A FRENCH CAPT. of DRAGOONS brought to bed of TWINS, or the cause of the CHEVALIER’S disappearance explain’d, addressed to the Under Writers of HE, and SHE policies.

Publish’d as the Act directs, by S. Hooper, No. 25, Ludgate-hill, 1 Septr 1771.

The Chevalier in bedclothes rests after childbirth attended by a man who leans over the bed with a cup of gruel. Two figures (r.) look on, one a man in armor with helmet, shield, and sword, and the other a woman with a book under her arm and holding staff with a liberty cap. The book is inscribed "The History of England by Mrs. Macaulay."In the background (r.) hangs an officer’s uniform. To the left a priest stands before a midwife who nestles the twins in her arms. He looks to the heavens as he reads from the scripture. A bowl, perhaps a baptismal, sits on a table behind him.

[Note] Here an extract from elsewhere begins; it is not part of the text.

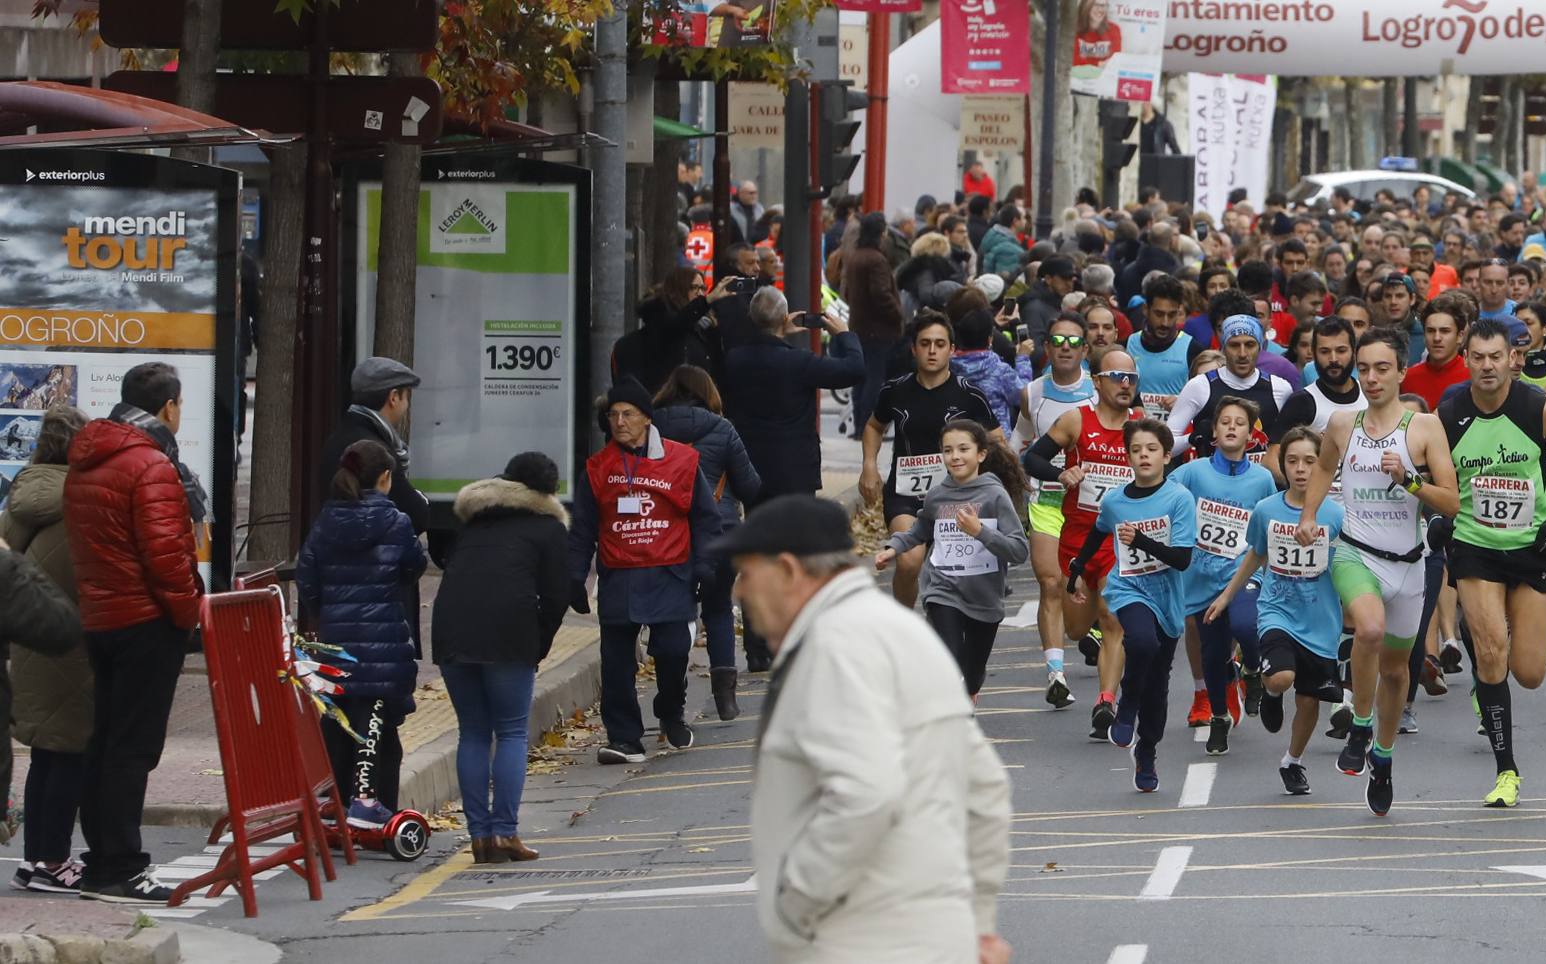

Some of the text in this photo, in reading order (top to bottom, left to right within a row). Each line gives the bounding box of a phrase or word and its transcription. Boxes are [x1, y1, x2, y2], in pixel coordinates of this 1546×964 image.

As Gary Kates writes in Monsieur d’Eon Is a Woman: A Tale of Political Intrigue and Sexual Masquerade, John Hopkins University Press, 2001, a rumor had surfaced in late 1770 that the Chevalier d’Eon, French soldier, diplomat, and spy, was in fact a woman. This had spurred a frenzy of wagering in London over the Chevalier’s sex that eventually, according to Kates (186), prompted d’Eon, out of fear for his safety, to disappear for six weeks. This, in turn, generated more rumors, among them that the Chevalier had given birth to a child fathered by John Wilkes. The man offering the Chevalier a cup of gruel appears to be Wilkes. The woman (r.) posed like Britannia holding the staff with liberty cap is Catherine Macaulay, noted for her History of England, the book she carries here. Kates writes that d’Eon, Wilkes, and Macaulay were linked as radicals and that at least one London newspaper spread the rumor "in March 1771 that bets were now being placed on Macaulay’s sex"(196).

Reproduced: Kates (2001), p. 228.

23 x 35.2 cm.
Huntington Library (283000 33#34)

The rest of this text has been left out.